[LISTED ENTRIES]

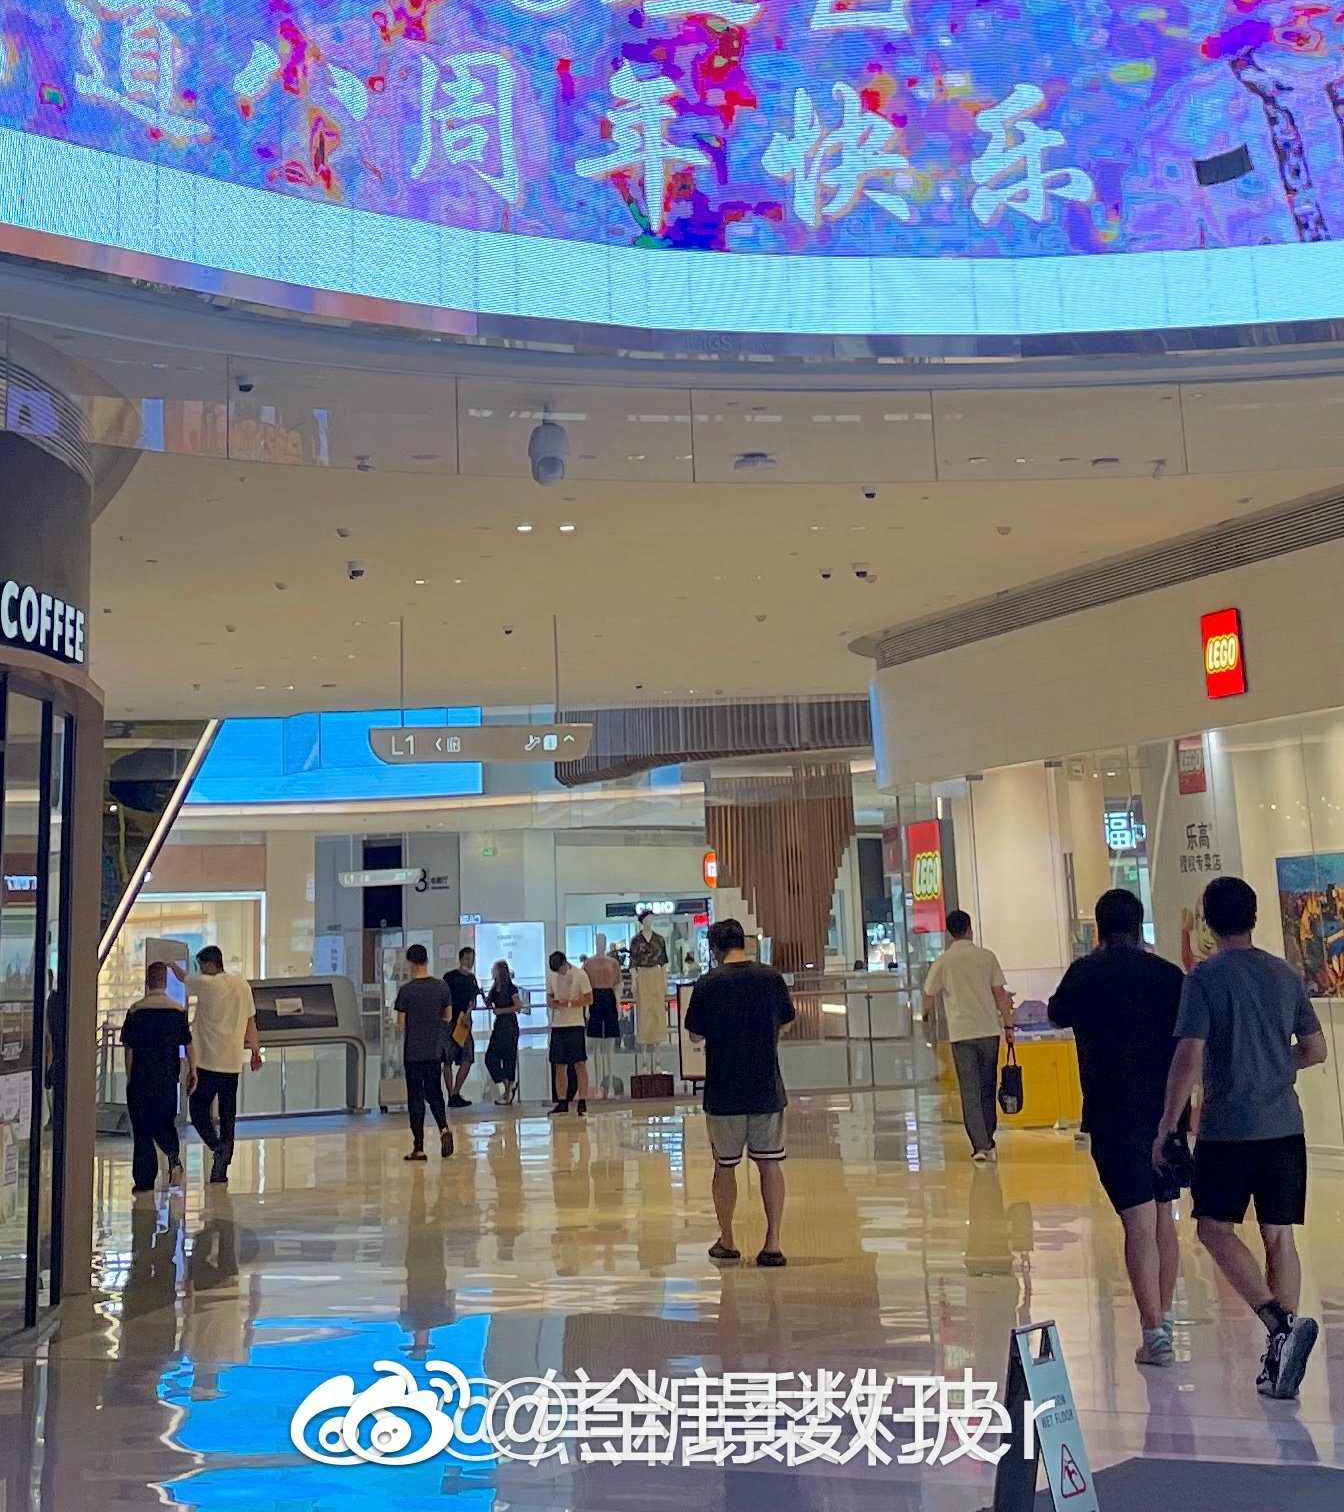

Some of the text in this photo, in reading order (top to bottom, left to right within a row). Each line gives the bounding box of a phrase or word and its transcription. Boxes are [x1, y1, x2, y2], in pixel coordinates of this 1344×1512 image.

[0, 580, 86, 664] COFFEE
[1207, 635, 1237, 672] LEGO
[391, 734, 415, 756] L1
[914, 852, 943, 899] LEGO
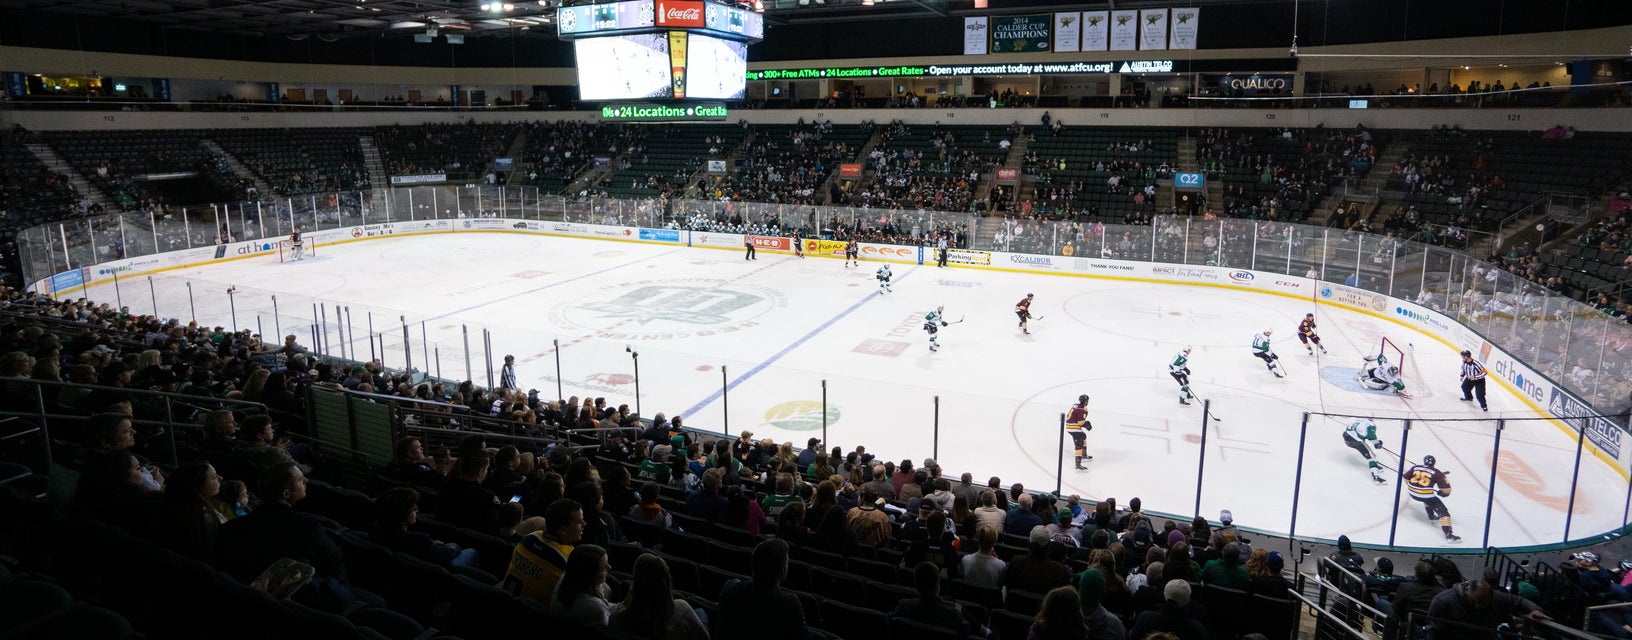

[GOAL OF THE EXERCISE]
Exact wording is required throughout: write out all the records, but no pictures.

[EXERCISE OUTPUT]
Some of the text in this photo, in reading order (top to bottom, left to right within a row). Each line gives the bounding box of a phrase or word and its transcription. Boxes are [x1, y1, x2, y2], in pixel coordinates of this 1344×1512 image.

[0, 580, 86, 664] COFFEE
[1207, 635, 1237, 672] LEGO
[391, 734, 415, 756] L1
[914, 852, 943, 899] LEGO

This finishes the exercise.